Problem statement: When you reproduce the entries below, keep each one exact and drop any pictures.

※ ※ ※

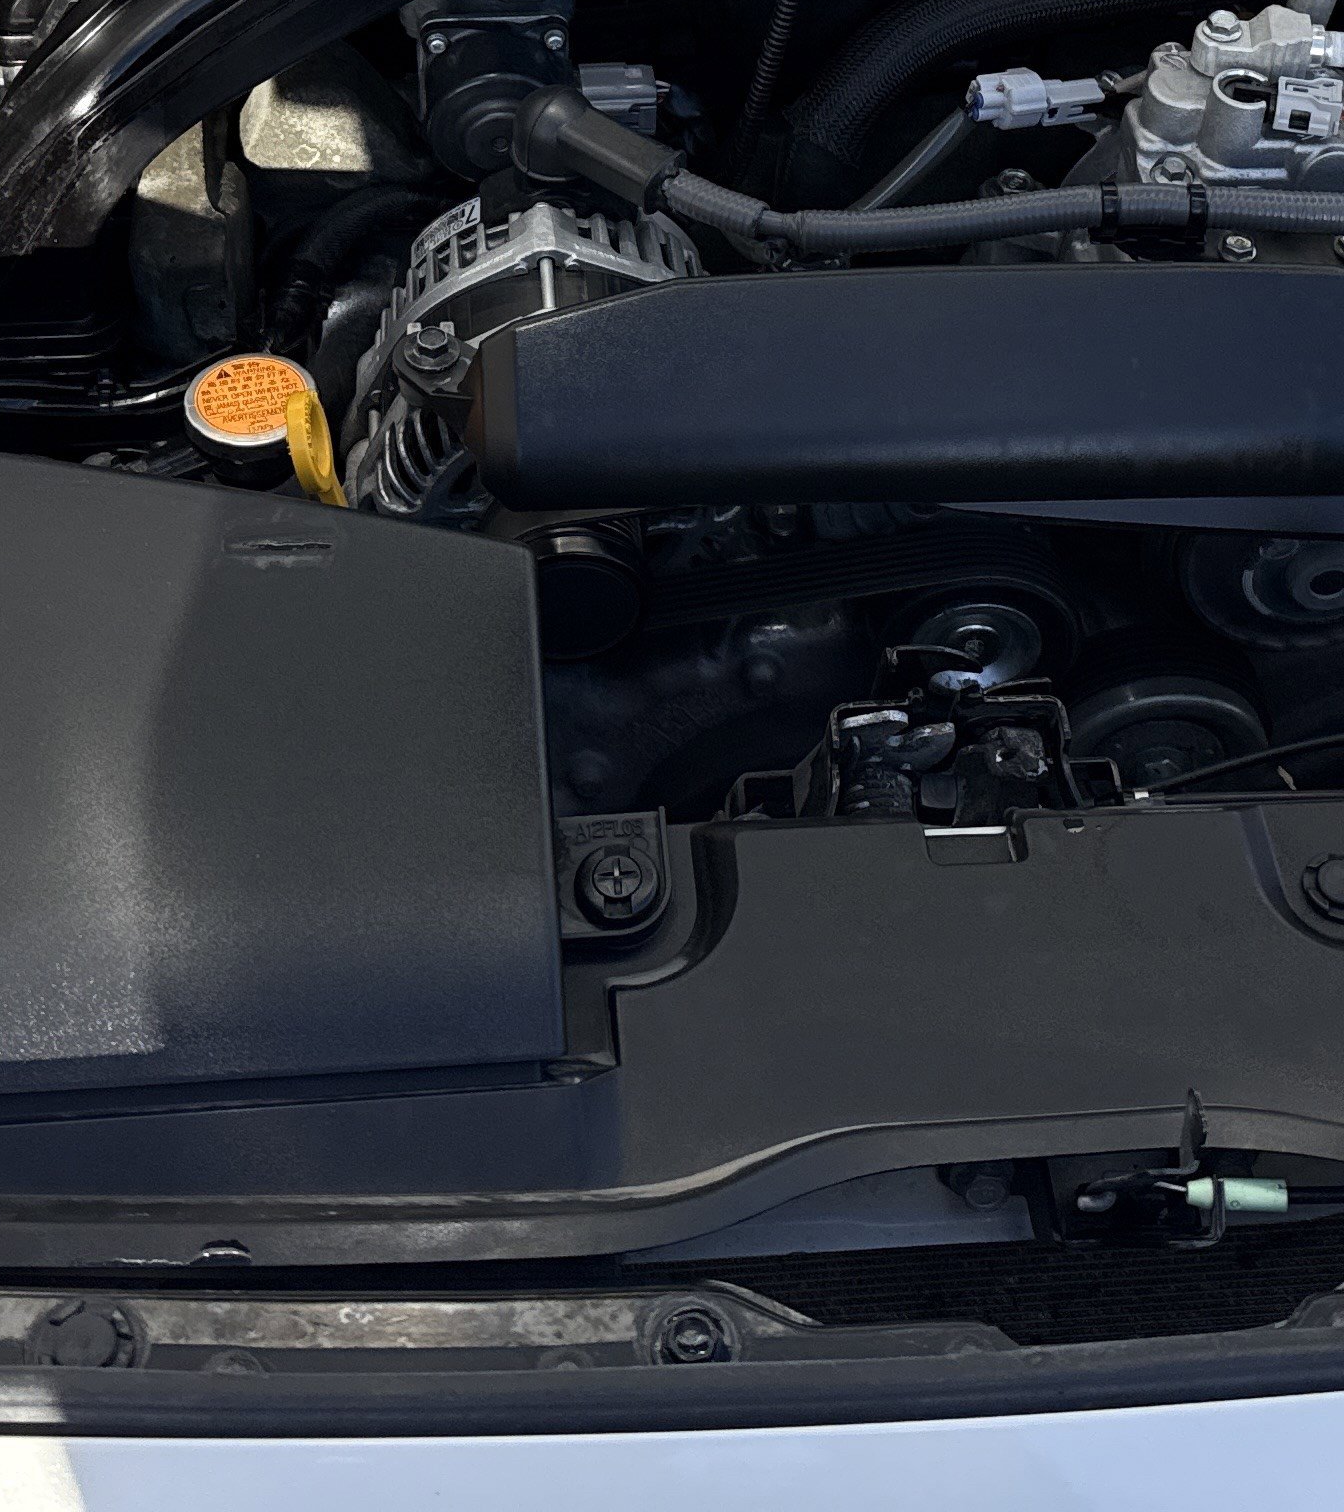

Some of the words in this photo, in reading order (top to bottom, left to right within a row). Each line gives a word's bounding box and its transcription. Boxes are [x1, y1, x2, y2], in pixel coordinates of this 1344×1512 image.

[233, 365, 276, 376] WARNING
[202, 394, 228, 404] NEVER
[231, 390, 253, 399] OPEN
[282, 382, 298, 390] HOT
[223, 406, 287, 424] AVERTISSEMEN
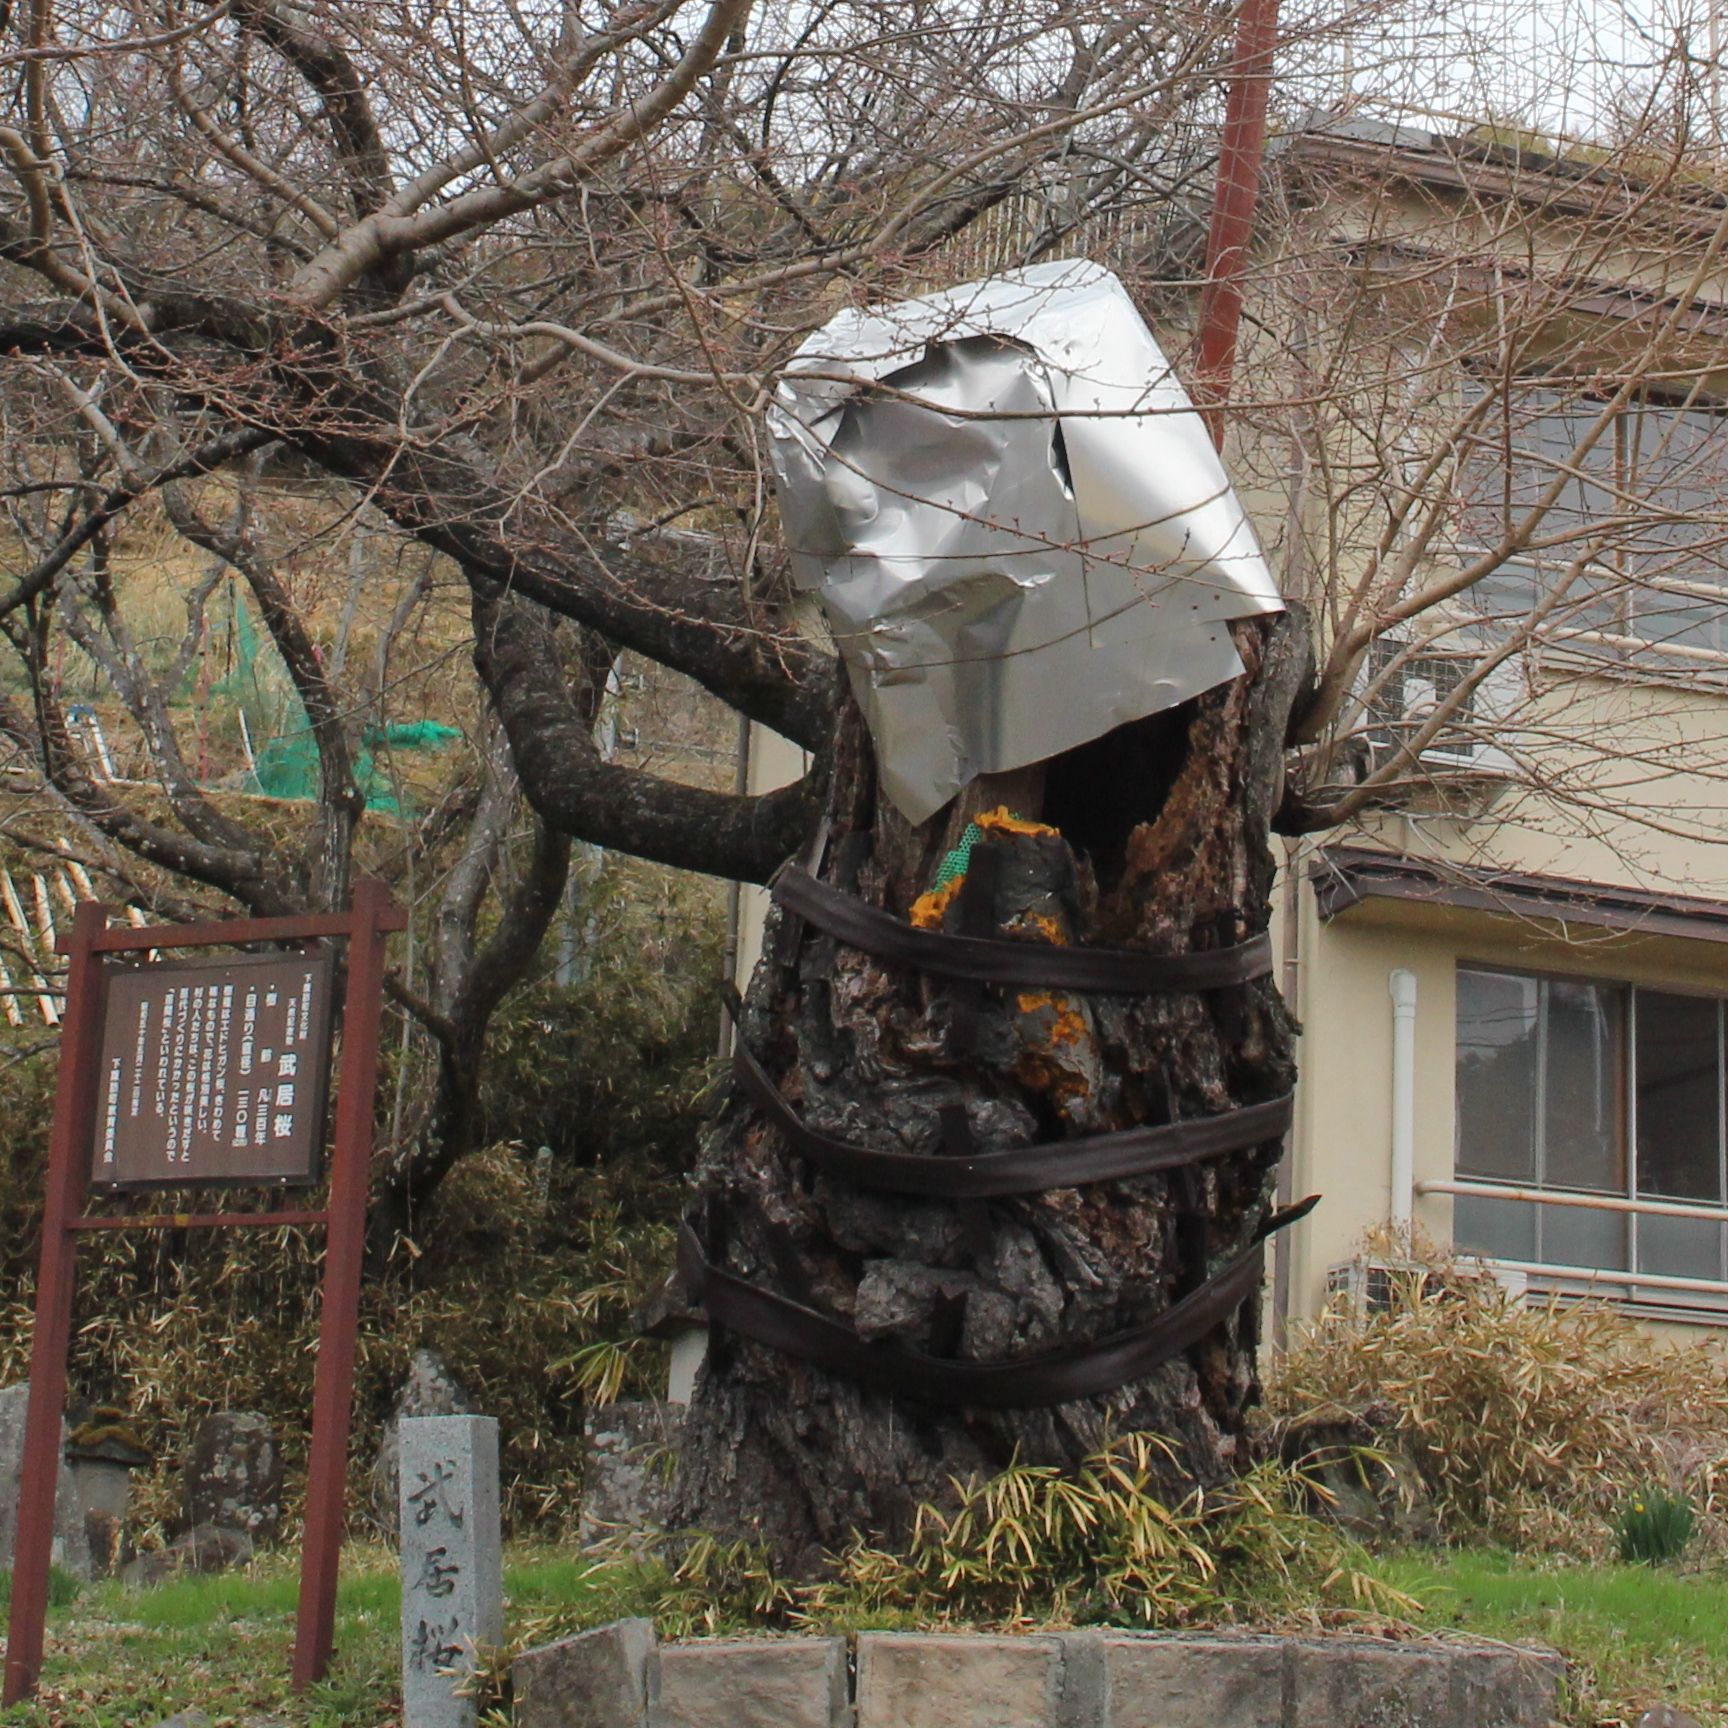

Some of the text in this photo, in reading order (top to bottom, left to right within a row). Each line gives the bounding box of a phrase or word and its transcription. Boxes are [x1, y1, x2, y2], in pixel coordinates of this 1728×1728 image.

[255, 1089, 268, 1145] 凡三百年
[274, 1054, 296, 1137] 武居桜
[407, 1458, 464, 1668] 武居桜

※ ※ ※

Response below:
Some of the words in this photo, in reading order (top to bottom, left to right within a row). Each line gives a word's bounding box and its transcription. Boxes are [x1, y1, x2, y2], in pixel coordinates of this 1344×1512 image.

[233, 365, 276, 376] WARNING
[202, 394, 228, 404] NEVER
[231, 390, 253, 399] OPEN
[282, 382, 298, 390] HOT
[223, 406, 287, 424] AVERTISSEMEN

Some of the text in this photo, in reading order (top to bottom, left to right within a row). Each line gives the bounding box of a phrase or word and its transcription. Boxes are [x1, y1, x2, y2], in pixel coordinates of this 1728×1728 image.

[255, 1089, 268, 1145] 凡三百年
[274, 1054, 296, 1137] 武居桜
[407, 1458, 464, 1668] 武居桜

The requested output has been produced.